Необходимо отметить, что заджаль был упрощенным вариантом мувашшаха: с одной стороны, упрощалась и унифицировалась рифмовка, с другой – количество строф от текста к тексту варьировалось. Кроме того, мувашшах, который в XI-XII вв. еще писали на классическом арабском языке, осознавался как «книжный» жанр; между тем весь текст заджаля, подобно хардже, являл собой пример андалусского диалекта: в нем объединялась арабская и романская лексика[12]. По-видимому, заджаль воспринимали как «народный» жанр, так как все его образцы были песнями, исполнялись под музыку. Это факт имеет важное значение: провансальские лирики, начиная с Гильема Аквитанского, могли знакомиться с заджалями не просто как с устно исполняемыми текстами (это не имело смысла, если они не знали арабского языка), а как с песнями. В этом случае мелодическая структура песни должна была обнажать и подчеркивать рифмовку в ее тексте.

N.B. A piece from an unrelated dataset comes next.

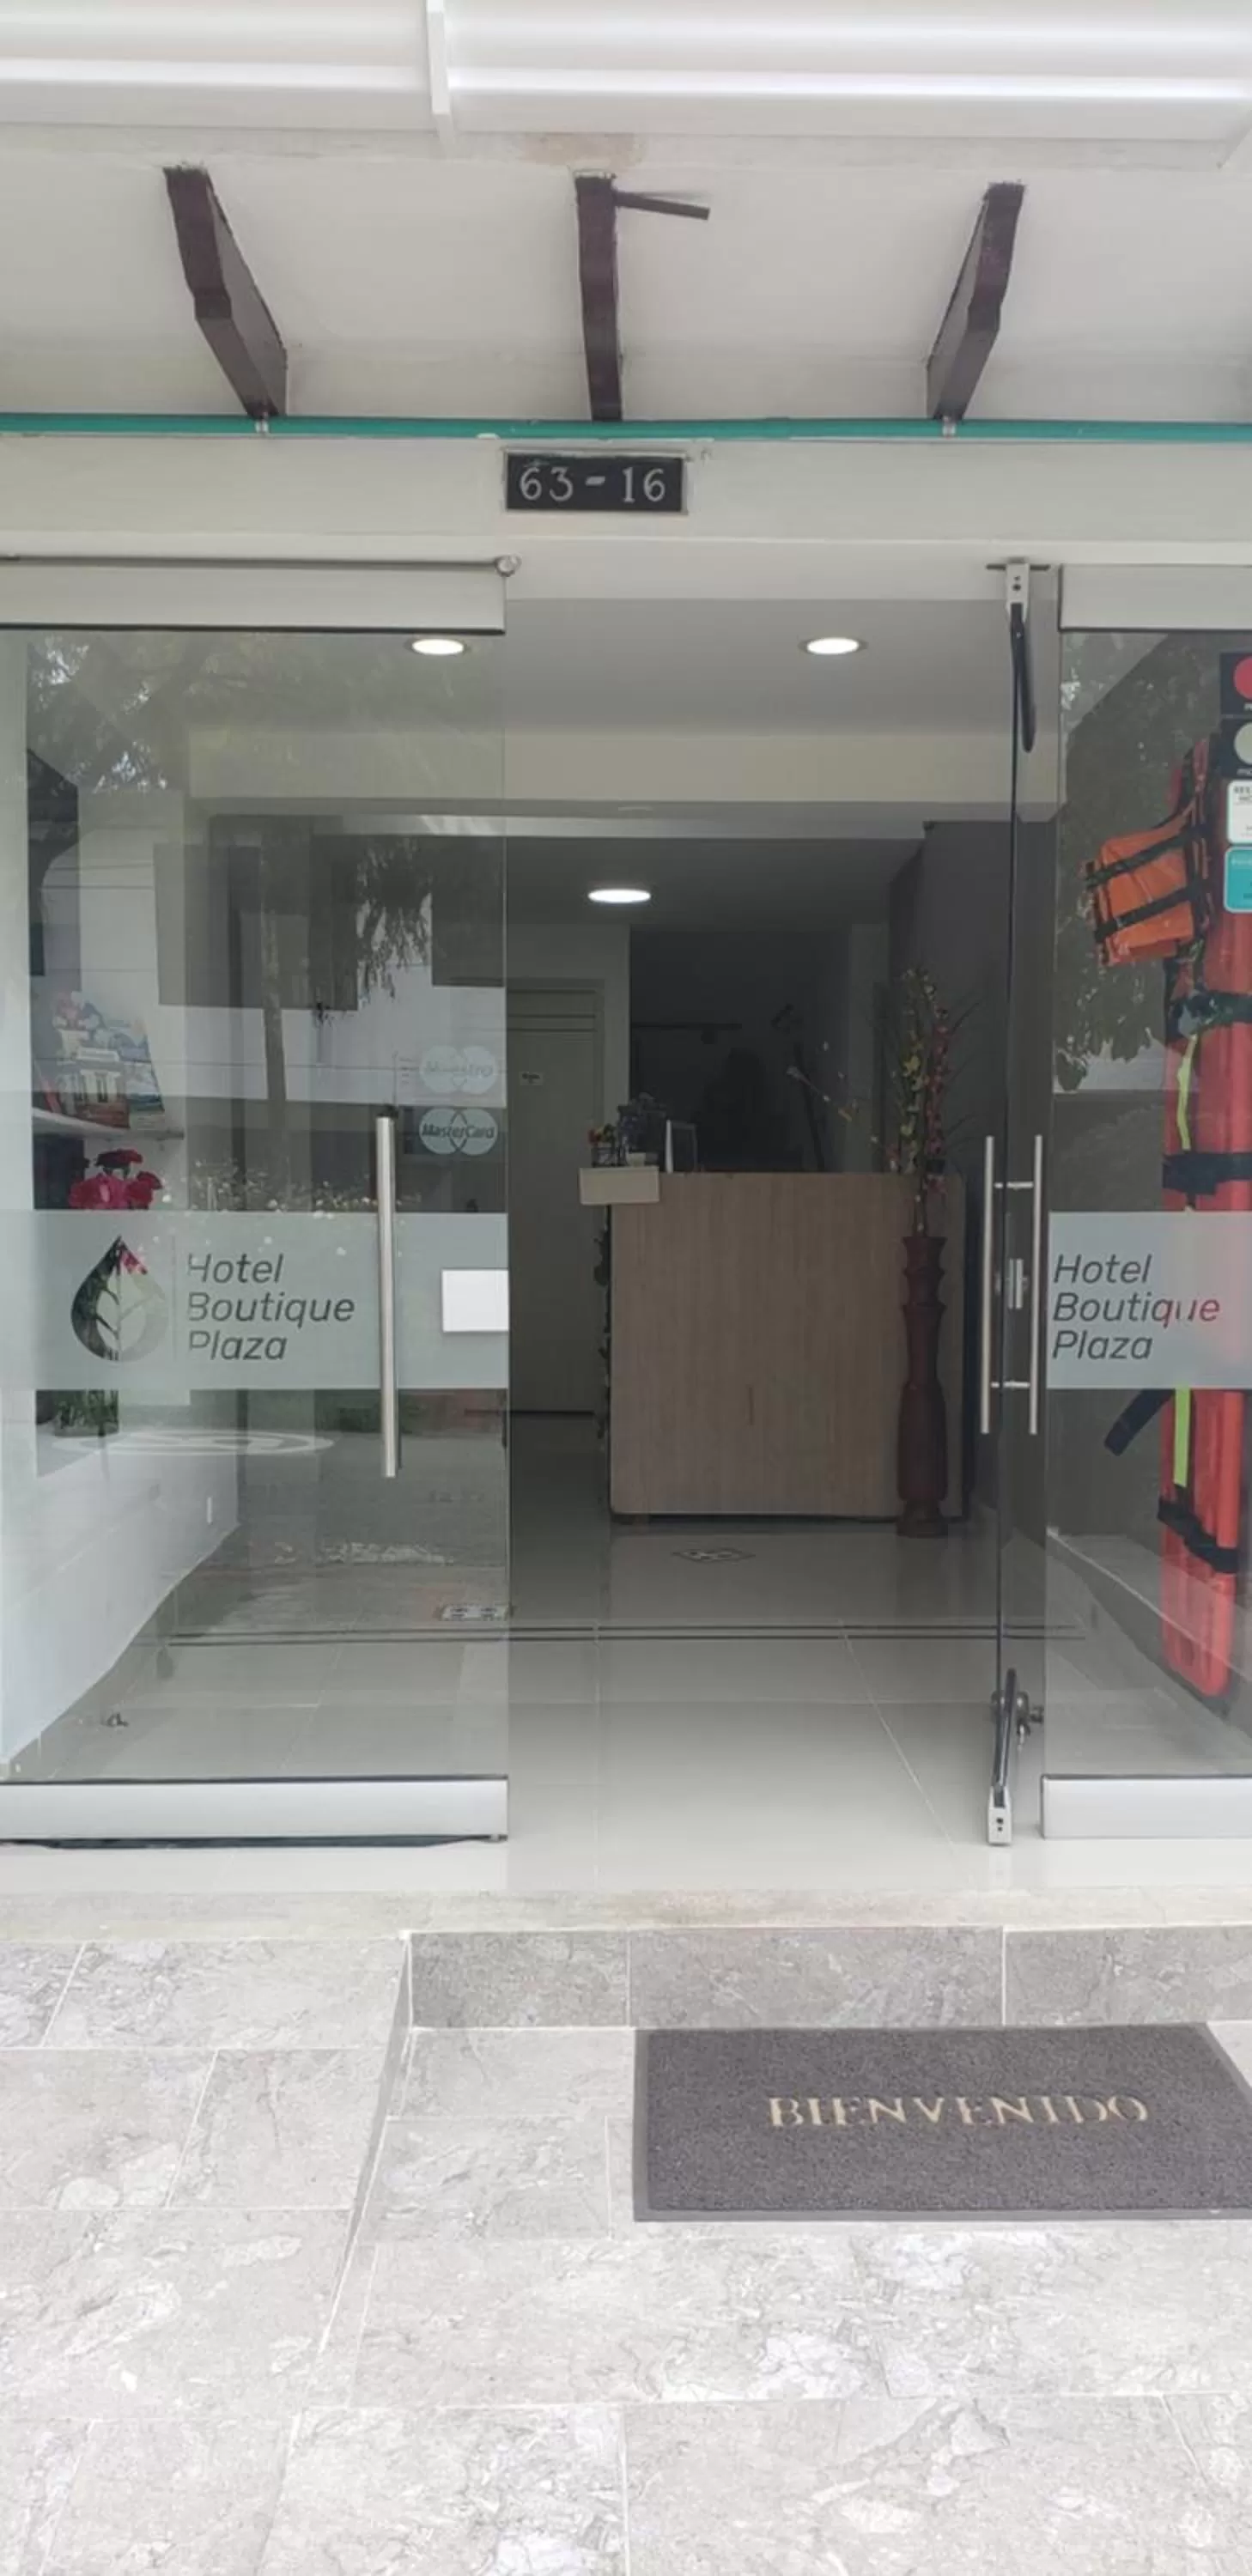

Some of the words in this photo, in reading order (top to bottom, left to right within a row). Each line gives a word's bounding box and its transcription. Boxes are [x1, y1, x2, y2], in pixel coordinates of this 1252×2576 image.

О том, что заджаль стали отделять от мувашшаха и осмыслять как особую форму, свидетельствует разработанная в XII в. терминология. Строки начального припева (АА) – марказ (markaz). За марказом следует двухчастная строфа, состоящая из гусна (gusn, ghusn), т.е. трехстишия с оригинальной рифмой (ВВВ, ССС, и т.д.), и симта (simt), подхватывающего рифму марказа (А). Строфы с аналогичной структурой стали появляться в провансальской поэзии с начала XII в. Авторы романских поэтик XIII-XIV вв. перечисляли основные типы строф трубадуров в своих трактатах. Эти строфы  именовались коблами (пров. coblas). Наиболее распространенным типом были коблы однозвучные (пров. coblas unissonans): внутри каждой отдельной строфы строки могли не рифмоваться, но все рифмы строфы начальной обязательно сохранялись в заданном порядке во всех остальных[13]. На их фоне выделялись менее распространенные одиночные коблы (пров. coblas singulars): внутри каждой из них строки могли рифмоваться, но каждая следующая строфа не сохраняла набор рифм предыдущей (при этом все коблы имели общую композицию мужских и женских стиховых окончаний).

Среди одиночных кобл трубадуров мы находим и заджалеобразные (zajalesque) двухчастные строфы типа AAAB CCCB...[14] как отклонение в сторону кобл однозвучных: большая начальная часть каждой строфы устроена так, как предписывают правила coblas singulars; финальные строки таких строф рифмуются друг с другом, что характерно для всех строк в coblas unissonans. Данная строфическая форма появляется в лирике Прованса еще при жизни Ибн Кузмана. Можно предположить, что 1) она была точно скопирована первыми известными трубадурами и 2) явилась источником для дальнейших экспериментов провансальских поэтов по изобретению более сложных строф.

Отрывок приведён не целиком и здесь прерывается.